• **WORK ORDER**:
The result should be a full, exact repeat of the entries, free of pictures.

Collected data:
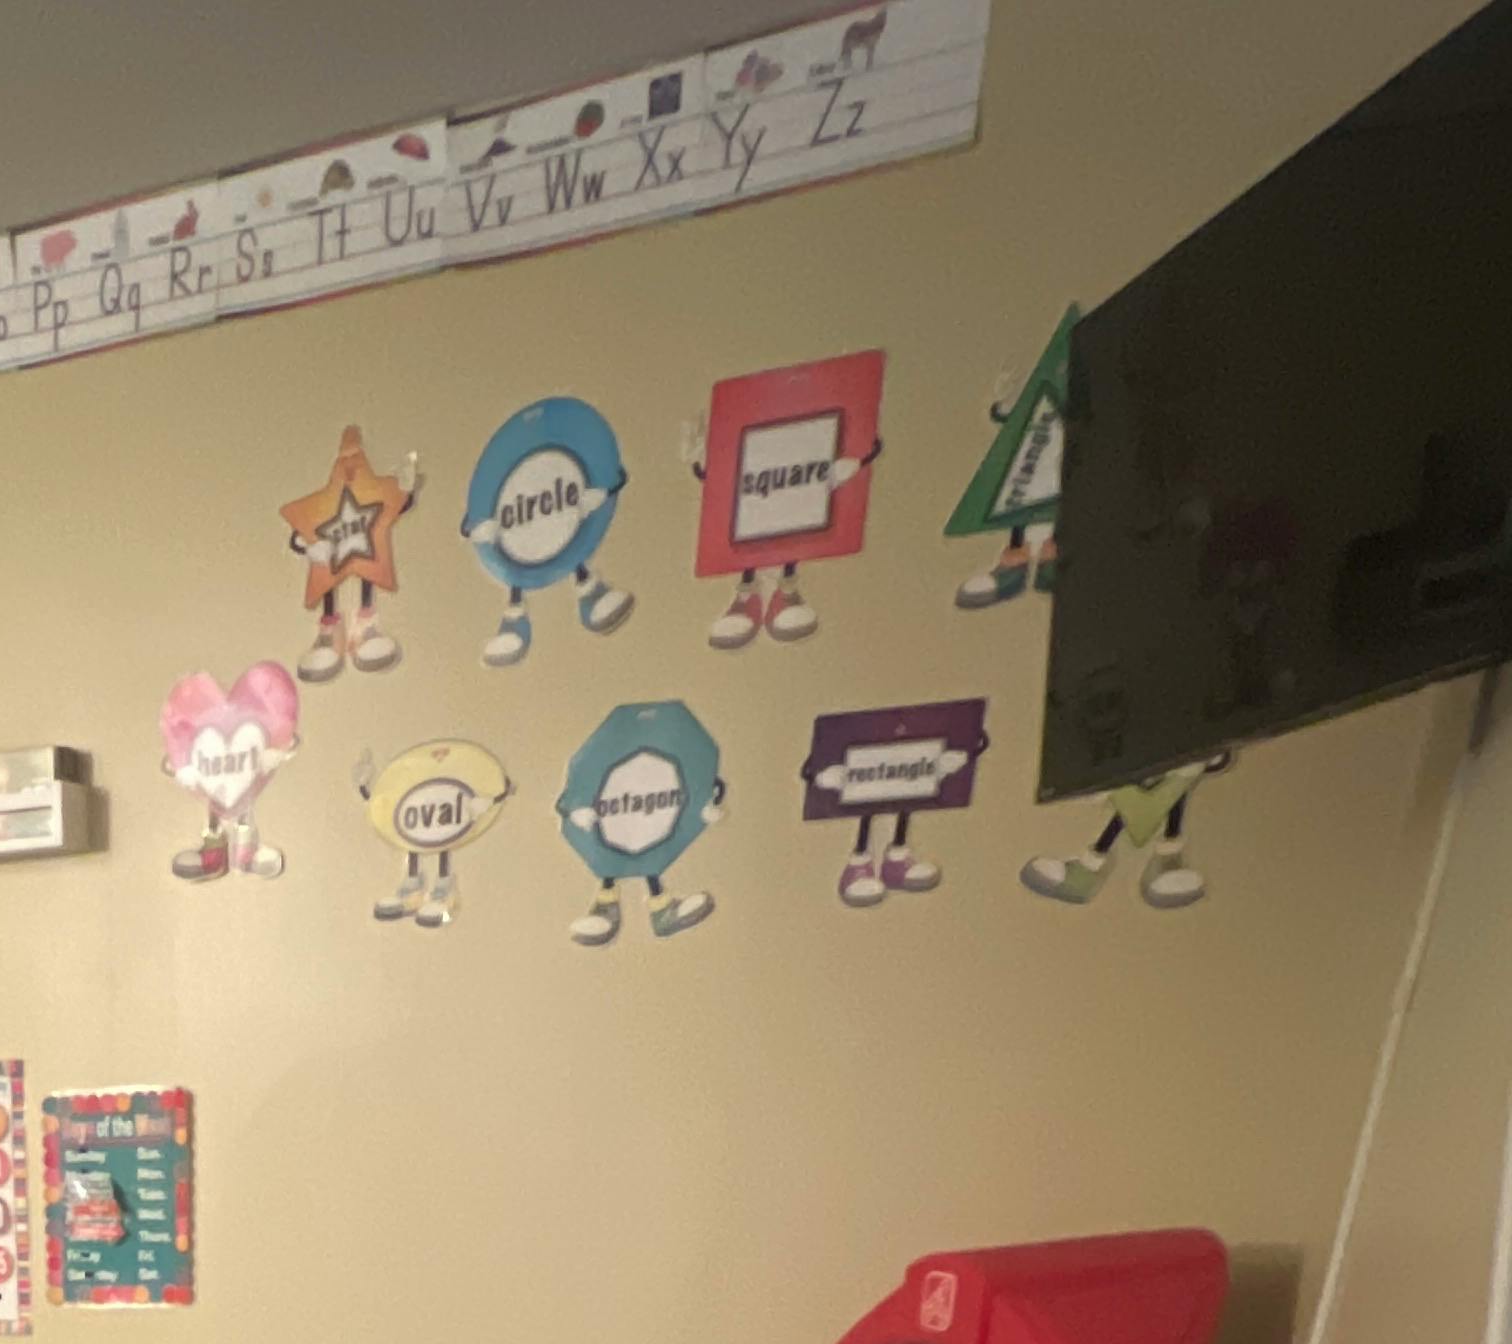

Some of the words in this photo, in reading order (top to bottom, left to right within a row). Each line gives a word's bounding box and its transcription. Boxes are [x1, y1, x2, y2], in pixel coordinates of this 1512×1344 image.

[33, 280, 70, 352] Pp
[99, 264, 142, 332] Qq
[169, 246, 212, 300] Rr
[236, 228, 275, 283] Ss
[310, 204, 353, 265] Tt
[385, 184, 436, 246] Uu
[465, 177, 514, 233] Vv
[544, 151, 607, 214] Ww
[635, 127, 686, 190] Xx
[711, 104, 767, 193] Yy
[810, 77, 867, 147] Zz
[742, 458, 831, 498] square
[500, 477, 580, 530] circle
[332, 516, 369, 543] star
[198, 745, 257, 777] heart
[848, 756, 937, 782] rectangle
[404, 791, 464, 830] oval
[596, 788, 682, 818] octagon
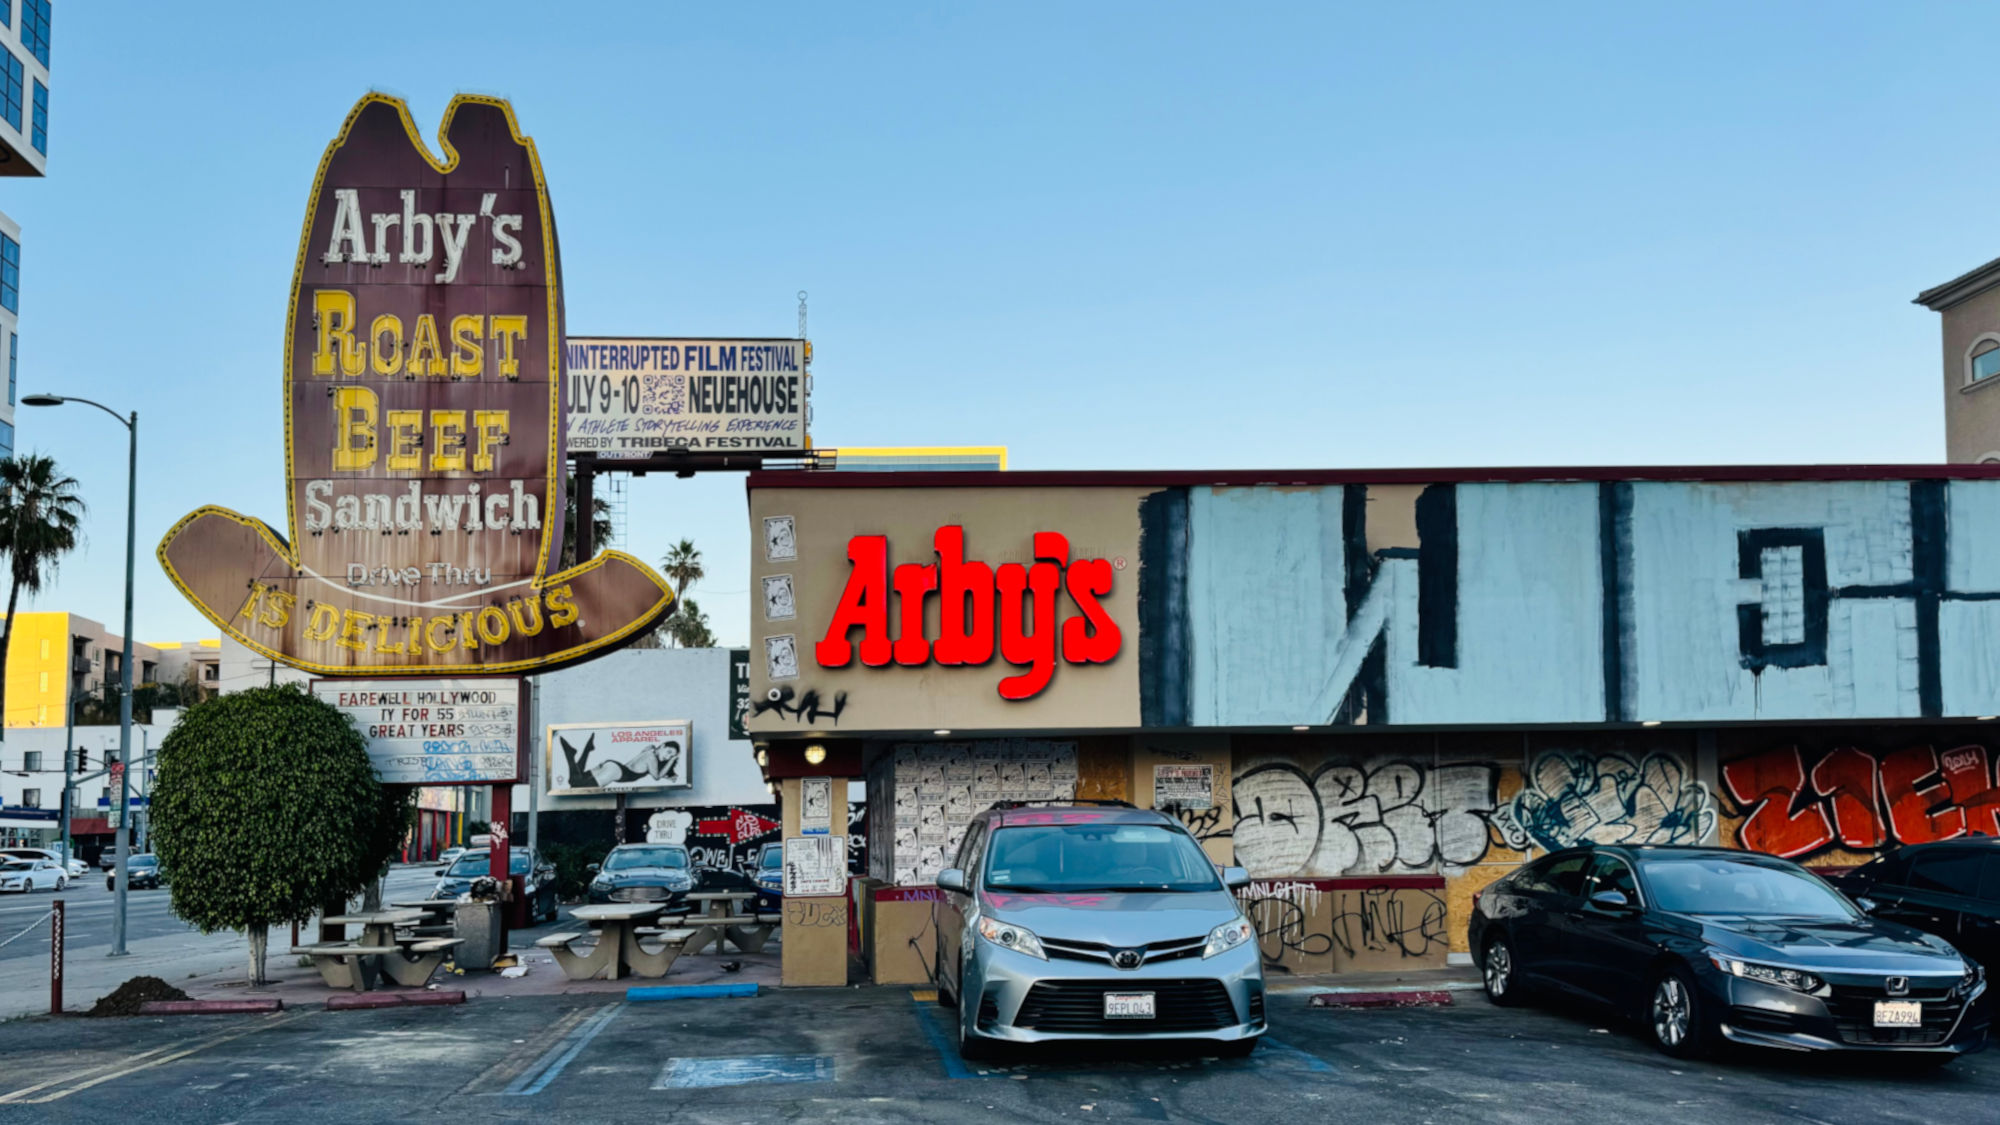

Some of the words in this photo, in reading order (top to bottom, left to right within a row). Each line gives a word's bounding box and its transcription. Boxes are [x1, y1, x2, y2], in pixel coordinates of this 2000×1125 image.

[323, 188, 524, 284] Arby's
[312, 289, 528, 376] ROAST
[566, 344, 680, 371] NINTERRUPTED
[684, 345, 737, 371] FILM
[741, 345, 798, 371] FESTIVAL
[567, 375, 596, 414] ULY
[689, 375, 799, 415] NEUEHOUSE
[331, 385, 510, 472] BEEF
[578, 417, 630, 436] ATHLETE
[634, 417, 720, 437] STORYTELLING
[726, 417, 799, 433] EXPERIENCE
[600, 436, 613, 448] BY
[617, 436, 701, 448] TRIBECA
[705, 436, 798, 448] FESTIVAL
[304, 479, 541, 531] Sandwich
[347, 562, 422, 587] Drive
[425, 561, 492, 585] Thru
[239, 581, 298, 630] IS
[301, 584, 580, 656] DELICIOUS
[815, 524, 1123, 700] Arby's
[339, 692, 412, 706] FAREWELL
[417, 691, 497, 705] HOLLYWOOD
[402, 708, 429, 721] FOR
[437, 708, 455, 721] 55
[369, 724, 416, 738] GREAT
[421, 723, 465, 737] YEARS
[611, 730, 633, 738] LOS
[634, 729, 684, 737] ANGELES
[654, 829, 674, 840] THRU
[656, 819, 677, 829] DRIVE

• **ANSWER**:
Some of the words in this photo, in reading order (top to bottom, left to right within a row). Each line gives a word's bounding box and its transcription. Boxes are [x1, y1, x2, y2], in pixel coordinates of this 1512×1344 image.

[33, 280, 70, 352] Pp
[99, 264, 142, 332] Qq
[169, 246, 212, 300] Rr
[236, 228, 275, 283] Ss
[310, 204, 353, 265] Tt
[385, 184, 436, 246] Uu
[465, 177, 514, 233] Vv
[544, 151, 607, 214] Ww
[635, 127, 686, 190] Xx
[711, 104, 767, 193] Yy
[810, 77, 867, 147] Zz
[742, 458, 831, 498] square
[500, 477, 580, 530] circle
[332, 516, 369, 543] star
[198, 745, 257, 777] heart
[848, 756, 937, 782] rectangle
[404, 791, 464, 830] oval
[596, 788, 682, 818] octagon

Some of the words in this photo, in reading order (top to bottom, left to right within a row). Each line gives a word's bounding box and its transcription. Boxes are [x1, y1, x2, y2], in pixel coordinates of this 2000×1125 image.

[323, 188, 524, 284] Arby's
[312, 289, 528, 376] ROAST
[566, 344, 680, 371] NINTERRUPTED
[684, 345, 737, 371] FILM
[741, 345, 798, 371] FESTIVAL
[567, 375, 596, 414] ULY
[689, 375, 799, 415] NEUEHOUSE
[331, 385, 510, 472] BEEF
[578, 417, 630, 436] ATHLETE
[634, 417, 720, 437] STORYTELLING
[726, 417, 799, 433] EXPERIENCE
[600, 436, 613, 448] BY
[617, 436, 701, 448] TRIBECA
[705, 436, 798, 448] FESTIVAL
[304, 479, 541, 531] Sandwich
[347, 562, 422, 587] Drive
[425, 561, 492, 585] Thru
[239, 581, 298, 630] IS
[301, 584, 580, 656] DELICIOUS
[815, 524, 1123, 700] Arby's
[339, 692, 412, 706] FAREWELL
[417, 691, 497, 705] HOLLYWOOD
[402, 708, 429, 721] FOR
[437, 708, 455, 721] 55
[369, 724, 416, 738] GREAT
[421, 723, 465, 737] YEARS
[611, 730, 633, 738] LOS
[634, 729, 684, 737] ANGELES
[654, 829, 674, 840] THRU
[656, 819, 677, 829] DRIVE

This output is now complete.